Shopee - Price Match Guarantee

Link : https://www.kaggle.com/competitions/spaceship-titanic/data

Dataset Description

 Finding near-duplicates in large datasets is an important problem for many online businesses. In Shopee’s case, everyday users can upload their own images and write their own product descriptions, adding an extra layer of challenge. Your task is to identify which products have been posted repeatedly. The differences between related products may be subtle while photos of identical products may be wildly different!

 As this is a code competition, only the first few rows/images of the test set are published; the remainder are only available to your notebook when it is submitted. Expect to find roughly 70,000 images in the hidden test set. The few test rows and images that are provided are intended to illustrate the hidden test set format and folder structure.

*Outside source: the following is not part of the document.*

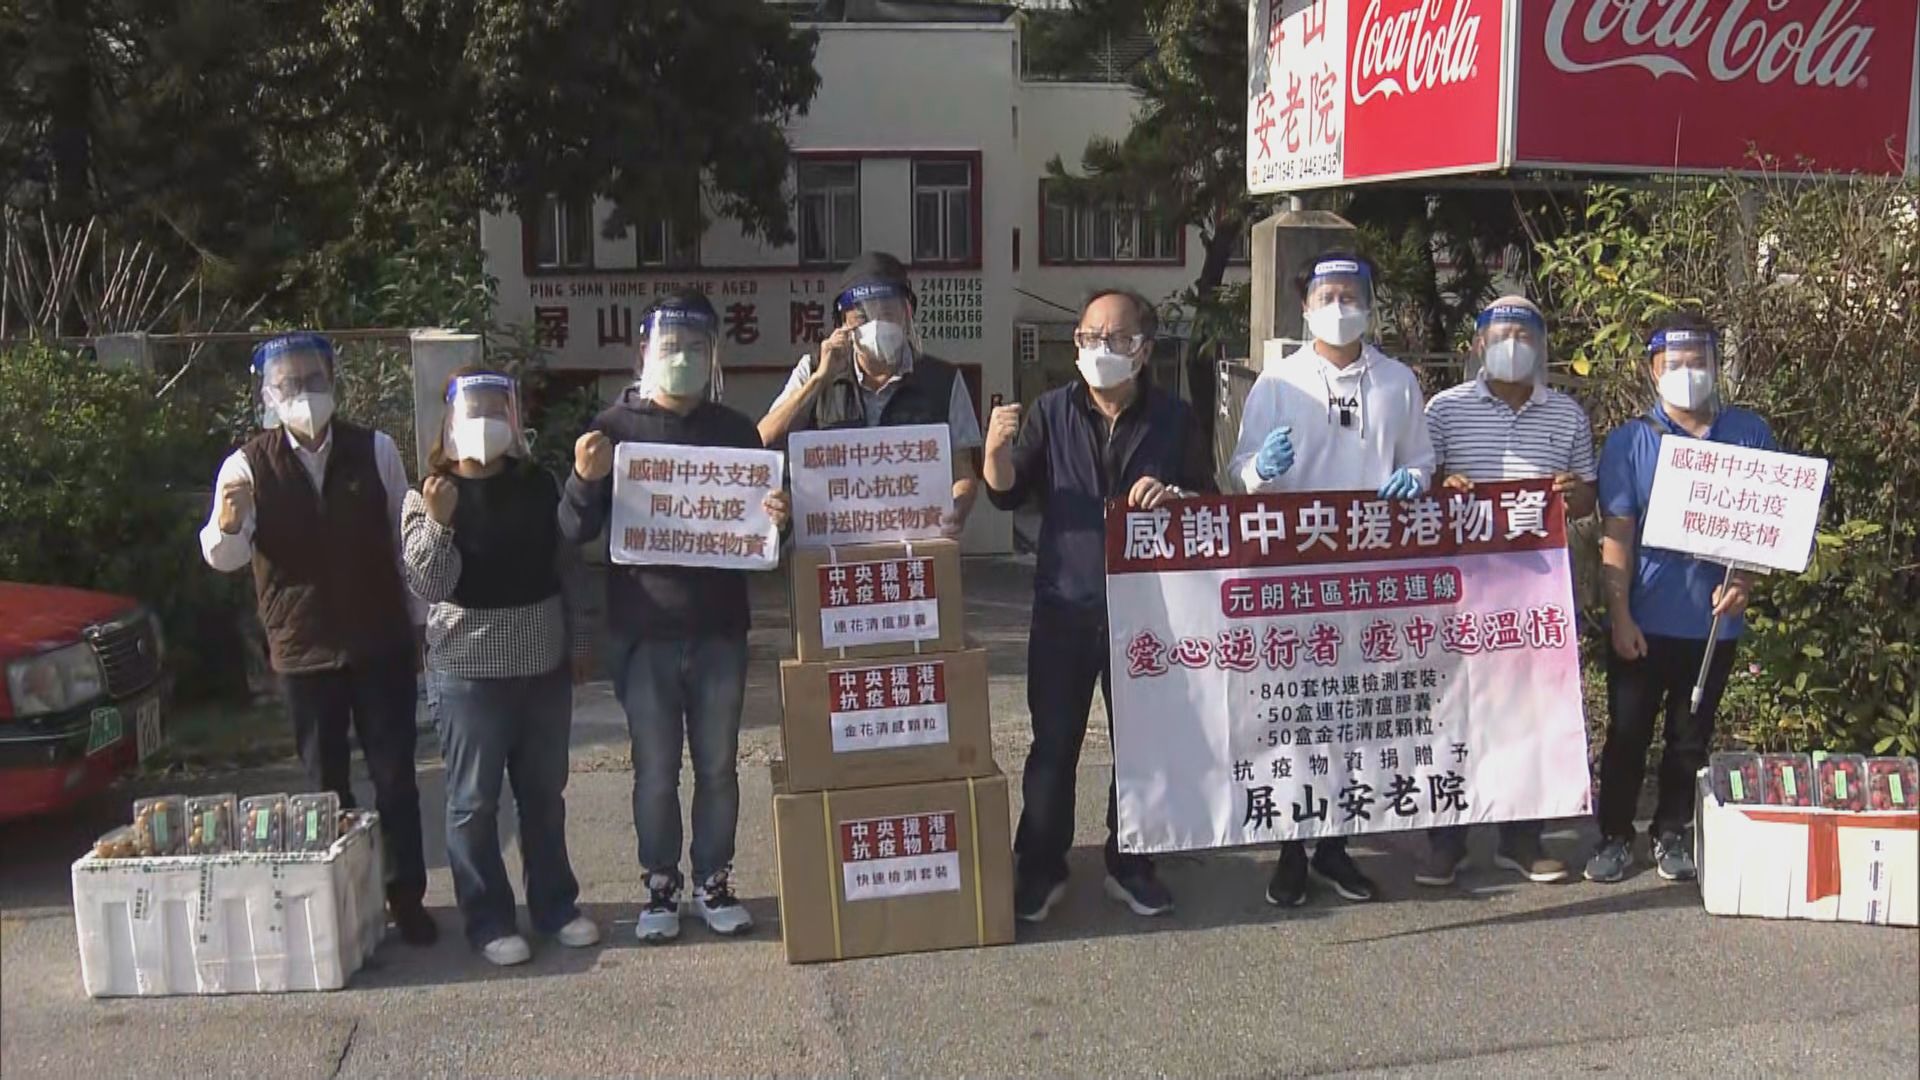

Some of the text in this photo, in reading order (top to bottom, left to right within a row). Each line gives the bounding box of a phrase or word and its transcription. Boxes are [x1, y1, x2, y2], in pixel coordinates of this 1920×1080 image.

File and Data Field Descriptions

[train/test].csv - the training set metadata. Each row contains the data for a single posting. multiple postings might have the exact same image ID, but with different titles or vice versa.

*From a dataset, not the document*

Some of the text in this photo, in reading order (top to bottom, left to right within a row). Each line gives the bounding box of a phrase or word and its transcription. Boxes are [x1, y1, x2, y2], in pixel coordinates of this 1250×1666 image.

  • posting-id - the Id code for posting.

  • image - the image id/md5sum.

  • image_phash - a perceptual hash of the image.

  • title - the product description for the posting.

  • label_group - ID code for all postings that map to the same product. not provided for the test set.

[train/test]images - the images associated with the postings.

sample_submission.csv - a sample submission file in the correct format.

  • posting_id - the id code for the posting.

  • matches - Space delimited list of all posting IDs that match this posting. posts always self-match. Group sizes were capped at 50, so there’s no need to predict more that 50 matches.